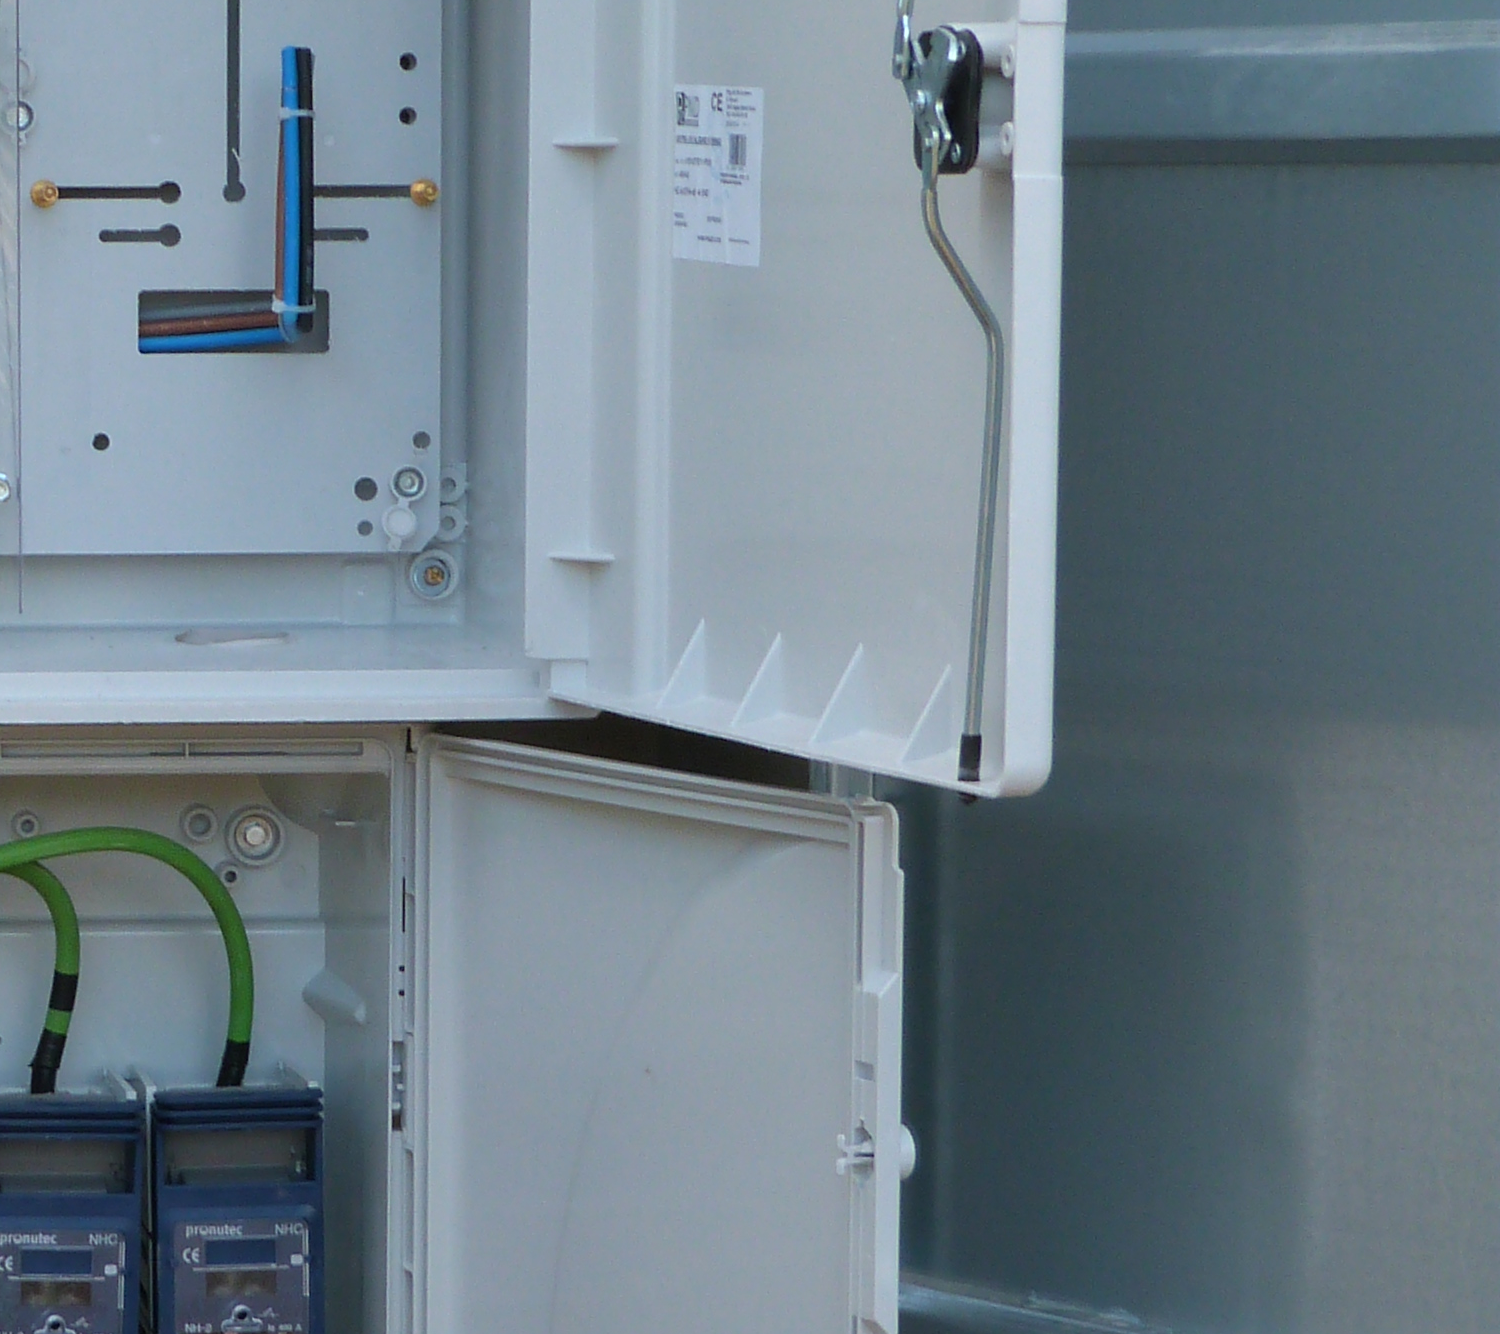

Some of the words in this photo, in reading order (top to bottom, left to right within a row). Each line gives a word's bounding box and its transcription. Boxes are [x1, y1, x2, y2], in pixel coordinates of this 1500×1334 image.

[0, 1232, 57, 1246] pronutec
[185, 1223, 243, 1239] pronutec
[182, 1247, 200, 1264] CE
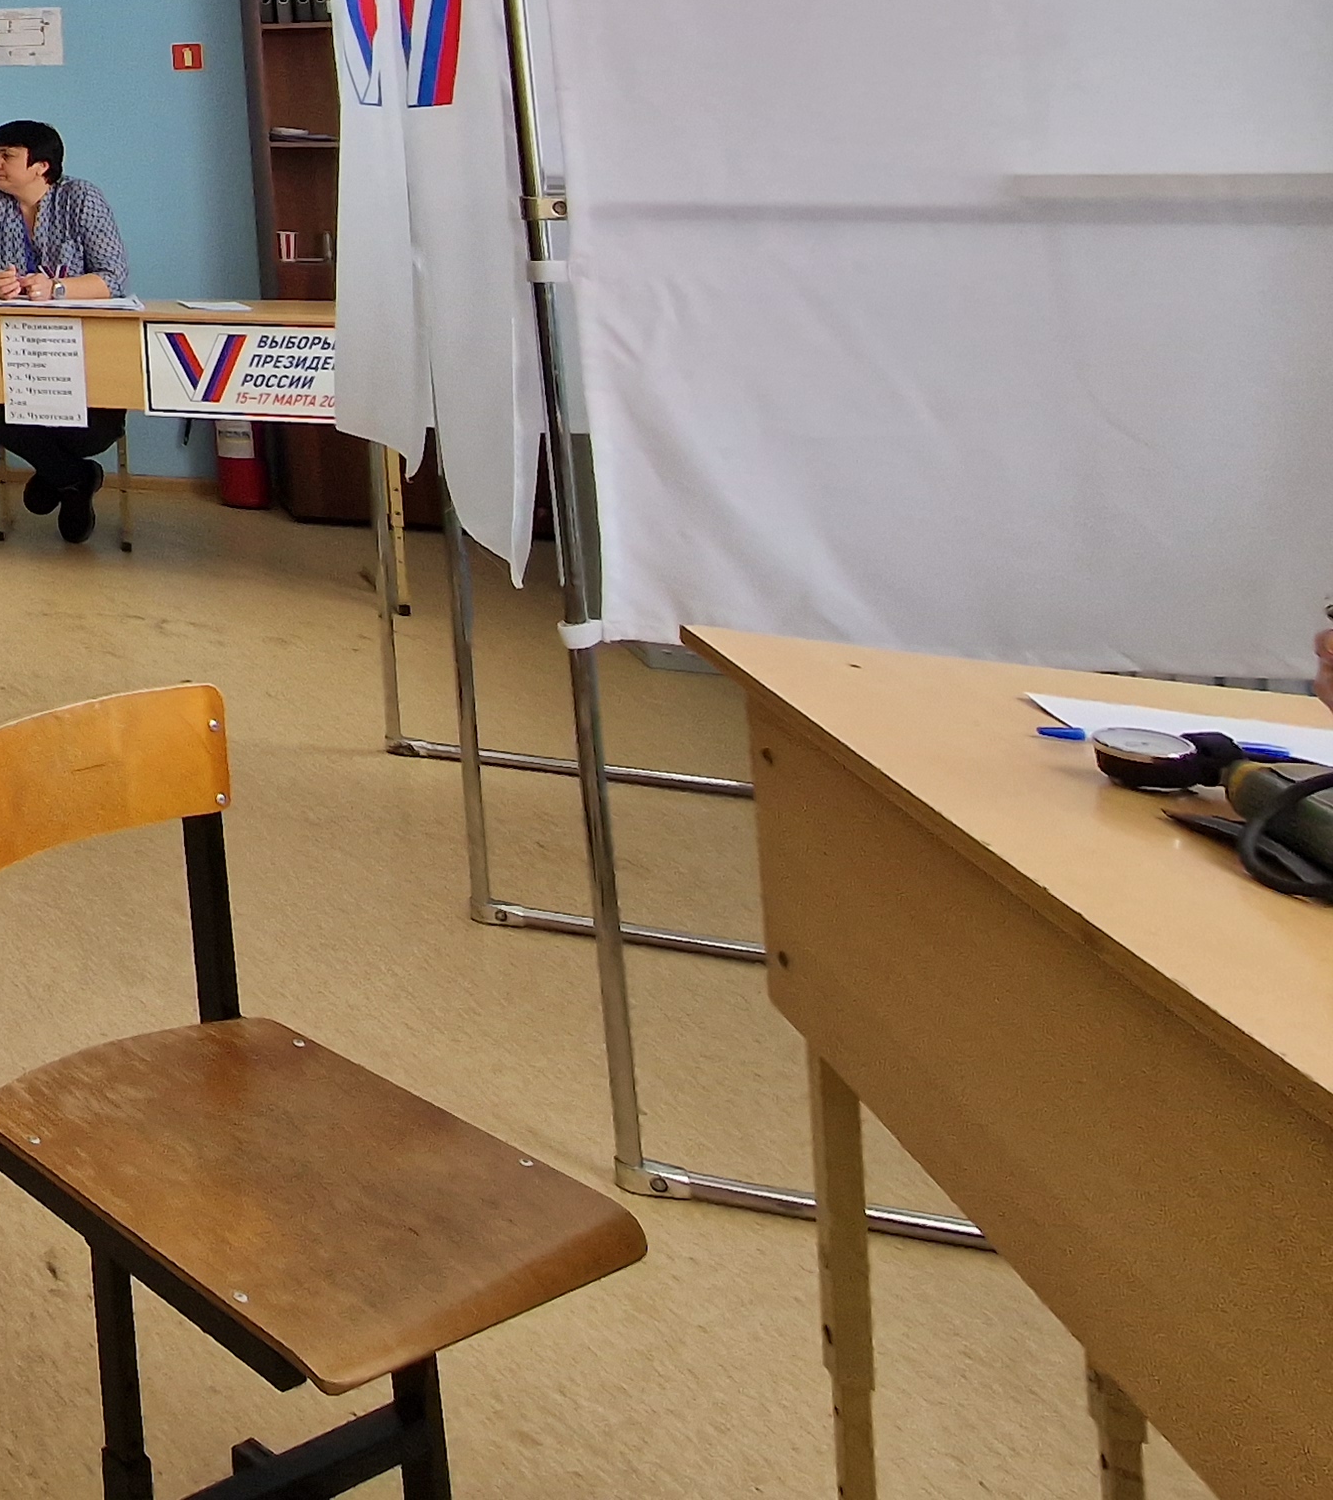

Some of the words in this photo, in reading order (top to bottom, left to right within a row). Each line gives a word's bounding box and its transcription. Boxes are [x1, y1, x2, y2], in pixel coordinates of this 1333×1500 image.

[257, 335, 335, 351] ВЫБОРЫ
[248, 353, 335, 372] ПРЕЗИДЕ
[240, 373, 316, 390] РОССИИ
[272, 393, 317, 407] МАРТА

-----

» **Work order**
Print every entry exactly. Pictures are not part of the copy.

» **Answer to this task**
Some of the words in this photo, in reading order (top to bottom, left to right within a row). Each line gives a word's bounding box and its transcription. Boxes are [x1, y1, x2, y2], in pixel coordinates of this 1500×1334 image.

[0, 1232, 57, 1246] pronutec
[185, 1223, 243, 1239] pronutec
[182, 1247, 200, 1264] CE

Some of the words in this photo, in reading order (top to bottom, left to right within a row). Each line gives a word's bounding box and its transcription. Boxes are [x1, y1, x2, y2], in pixel coordinates of this 1333×1500 image.

[257, 335, 335, 351] ВЫБОРЫ
[248, 353, 335, 372] ПРЕЗИДЕ
[240, 373, 316, 390] РОССИИ
[272, 393, 317, 407] МАРТА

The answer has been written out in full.